1.2. Fruit detection and yield estimation

Participants: E. Gregorio, J.R. Rosell-Polo, J. Arnó, J. Gené, A. Escolà, R. Sanz, J.C. Miranda

Fruit detection and characterization 

The availability of practical and reliable methodologies for in-field fruit detection is essential to obtain accurate yield predictions, to progress in robotic harvesting or to optimize thinning operations, among many other applications. Despite advances in areas such as robotics and computer vision, fruit detection remains a challenge that has to deal with issues such as the identification of fruits occluded by other vegetative organs, or the ability to work under different lighting conditions. In order to minimize the above limitations, our group is working on the development of new 3D fruit detection and localization methodologies through the integration of sensors with artificial vision and / or artificial intelligence algorithms. The detection methodologies used include, among others, 3D LiDAR sensors, depth cameras (RGB-D) and photogrammetric techniques such as structure-from-motion (SfM).

LiDAR 3D sensors are based on the emission of multiple laser beams that simultaneously rotate at high frequency, thus generating a 3D point cloud of the scanned scene (Figure 1a). The intensity of the reflected light makes it possible to differentiate the fruits from other vegetative organs (Figure 1b). In addition, this methodology is not affected by lighting conditions and has the advantage of directly providing the 3D location of the fruit (Gené-Mola et al., 2019b).




Figure 1. (a) LiDAR 3D System (+ GNSS receiver) scanning an apple tree. Source: Gené-Mola et al. (2019a). (b) From left to right: RGB image of the apple tree; LiDAR point cloud; apples detected from the intensity of the reflected signal. Source: Gené-Mola et al. (2019b).

Another strategy to minimize the number of occluded fruits has been to combine LiDAR 3D sensors with the application of forced air flow. As shown in Figure 2, the combination of fruits detected in both scenarios (with and without air) allows to increase the percentage of fruits detected (Gené-Mola et al., 2019a).

Figure 2. The right and left figures show, respectively, tests without forced air and with forced air flow action. It is observed that the effect of the air is different depending on the fruit, causing the disocclusion (red box) or the occlusion (blue box) of the fruit. Source: Gené-Mola et al. (2019a).

RGB-D sensors are devices that simultaneously provide color, depth, and infrared signal intensity data. The information provided by the three channels has been used to train deep neural networks (deep learning) (Gené-Mola et al., 2019c), achieving significantly higher detection values than those obtained in conventional approximations based on RGB images (Figure 3).

Figure 3. Fruit detection results corresponding to color images (RGBp), infrared signal (S), depth (D) and combination of the above (RGBp+S+D).
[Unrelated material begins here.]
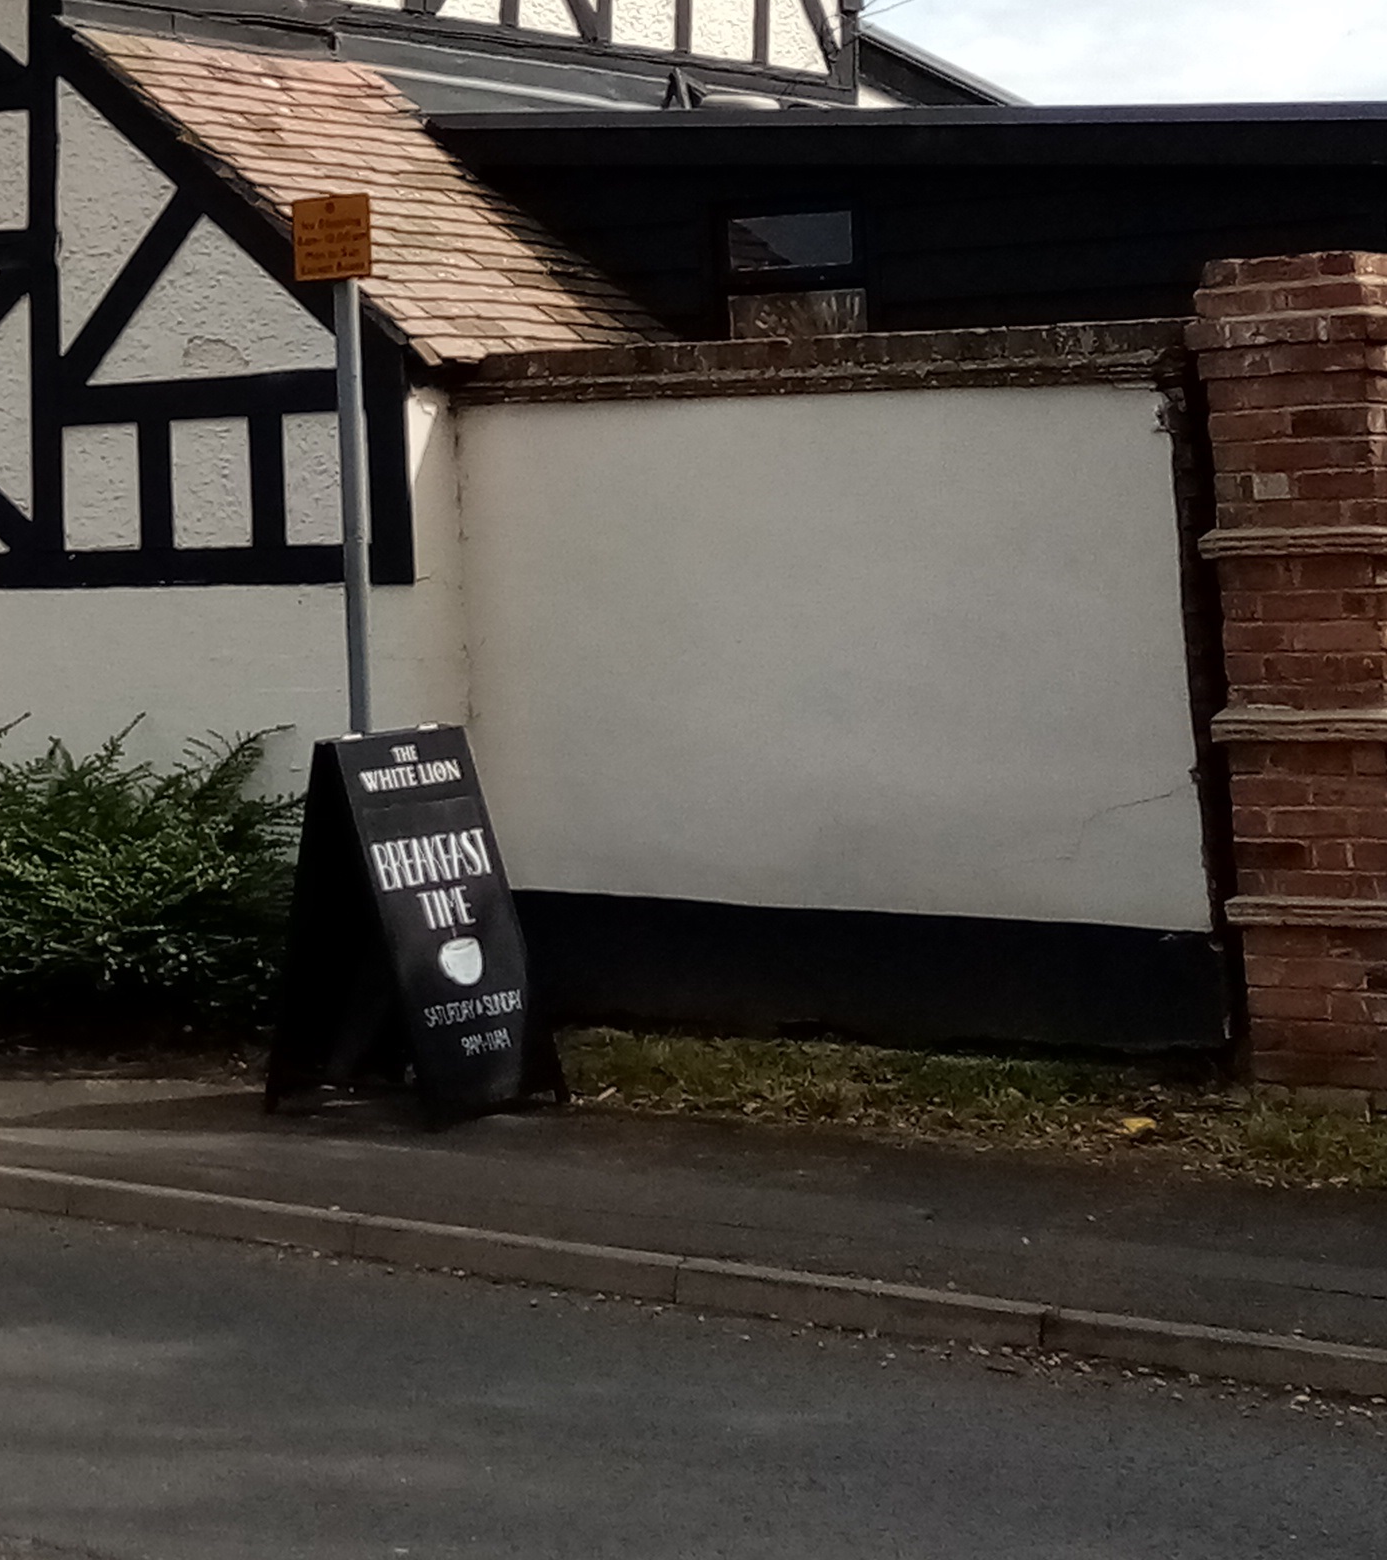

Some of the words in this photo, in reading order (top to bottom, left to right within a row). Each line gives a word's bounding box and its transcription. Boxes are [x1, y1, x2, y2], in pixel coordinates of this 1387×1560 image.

It is observed that by combining the information of the three channels, the number of true positives is higher, while the false positives and false negatives are substantially reduced. Source: Gené-Mola et al. (2019c).
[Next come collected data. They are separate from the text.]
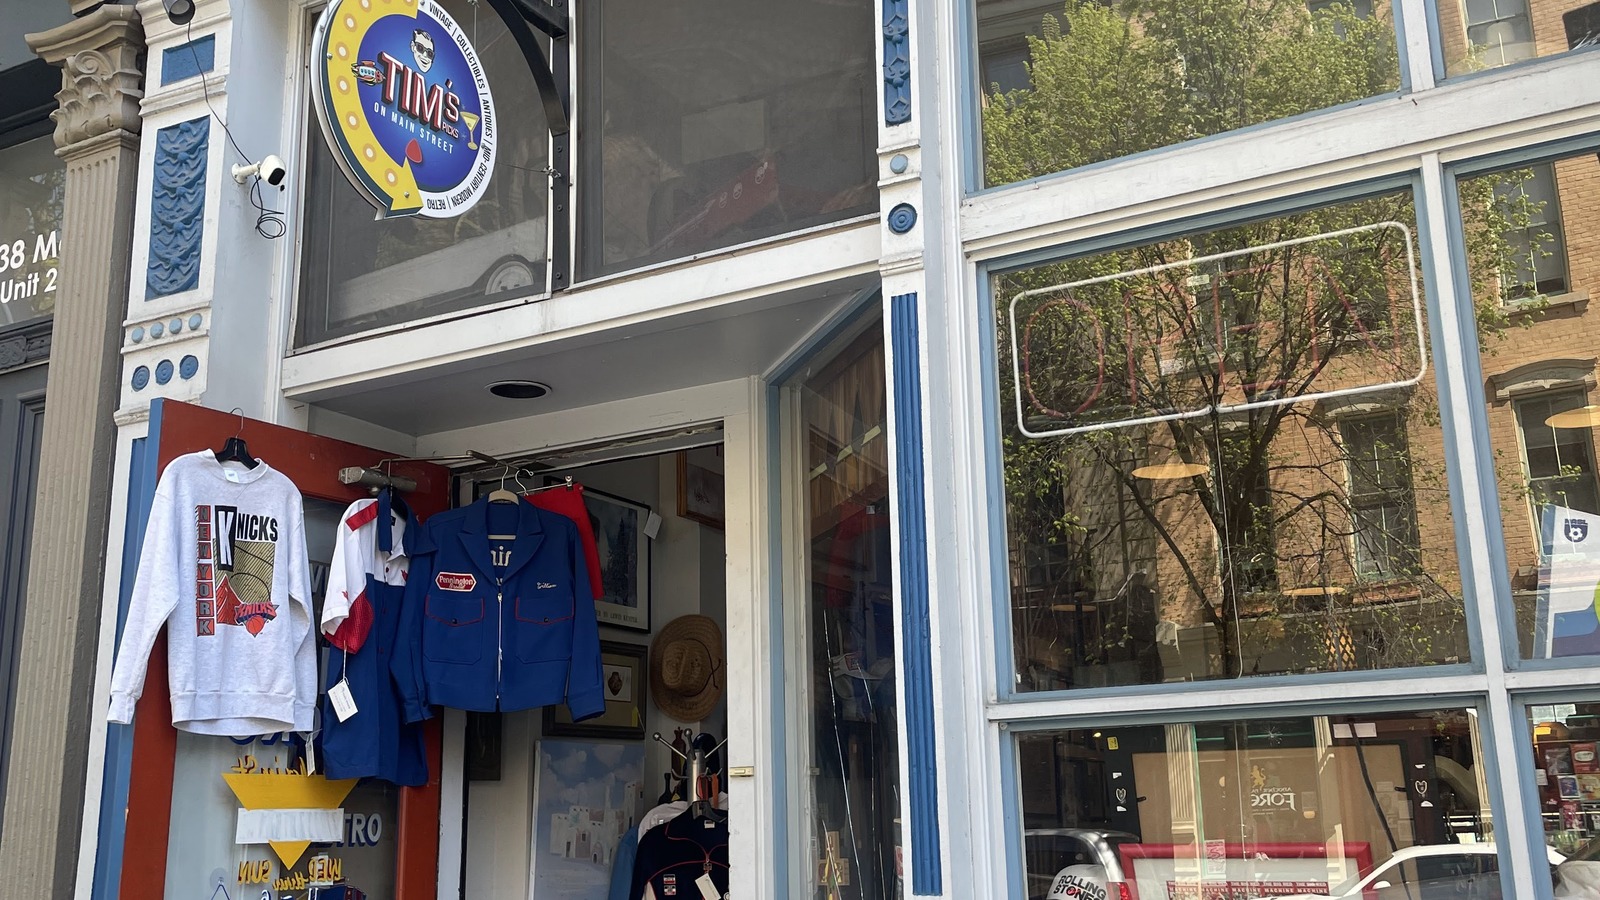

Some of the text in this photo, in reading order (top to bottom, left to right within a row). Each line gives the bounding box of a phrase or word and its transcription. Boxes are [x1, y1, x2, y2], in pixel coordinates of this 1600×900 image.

[429, 2, 453, 31] VINTAGE
[456, 34, 486, 90] COLLECTIBLES
[374, 101, 454, 154] ON MAIN STREET
[442, 121, 459, 139] PICKS
[482, 99, 493, 139] ANTIQUES
[427, 198, 446, 210] RETRO
[450, 184, 475, 208] MODERN
[33, 230, 62, 264] M
[0, 267, 58, 304] Unit 2
[198, 505, 214, 635] NEW YORK
[439, 576, 475, 588] Pennington
[237, 602, 276, 619] KNICKS
[1053, 884, 1107, 900] STONE
[1058, 875, 1107, 900] ROLLING
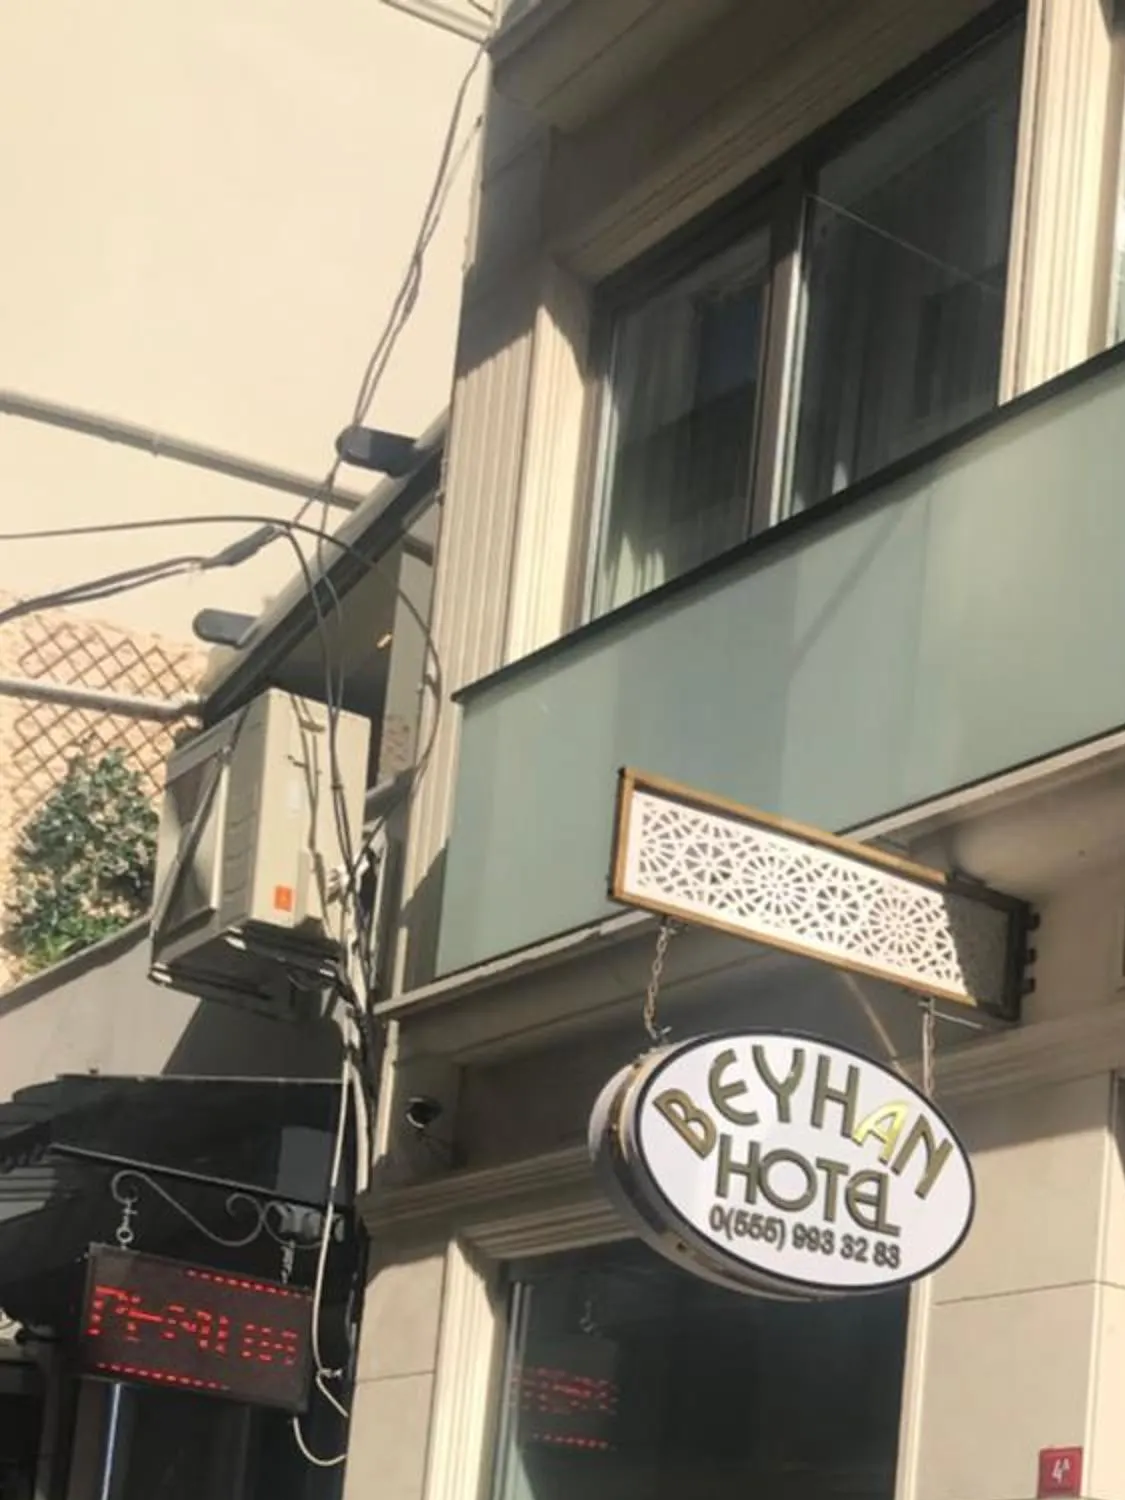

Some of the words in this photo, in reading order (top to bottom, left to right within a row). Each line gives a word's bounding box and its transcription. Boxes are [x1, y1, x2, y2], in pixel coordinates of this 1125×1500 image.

[653, 1044, 953, 1200] BEYHAN
[709, 1205, 787, 1252] 0(555)
[715, 1134, 901, 1238] HOTEL
Structure-from-motion is a photogrammetric technique that allows high-resolution 3D point clouds to be reconstructed from photographs taken from different positions (Figure 5). The combination of these models with deep neural networks (deep learning) allows high detection rates (> 90%) with less than 4% false positives (Gené-Mola et al., 2020b). Figure 4 shows an example of fruit detection in images using deep neural networks. Figure 5 shows the results obtained after applying photogrammetry techniques in order to locate the detections of the images in the 3D space. The following link shows an interactive 3D view of these results.

Figure 4. Fruit detection and segmentation results in RGB images using the Mask-RCNN deep neural network. Source: Gené-Mola et al. (2020a).


Figure 5. (top) 3D point cloud generated from original RGB images. (bottom) Detected fruits by applying a neural network on RGB images and projecting the detections into the 3D cloud. 3D display of results: here. Source: Gené-Mola et al. (2020b).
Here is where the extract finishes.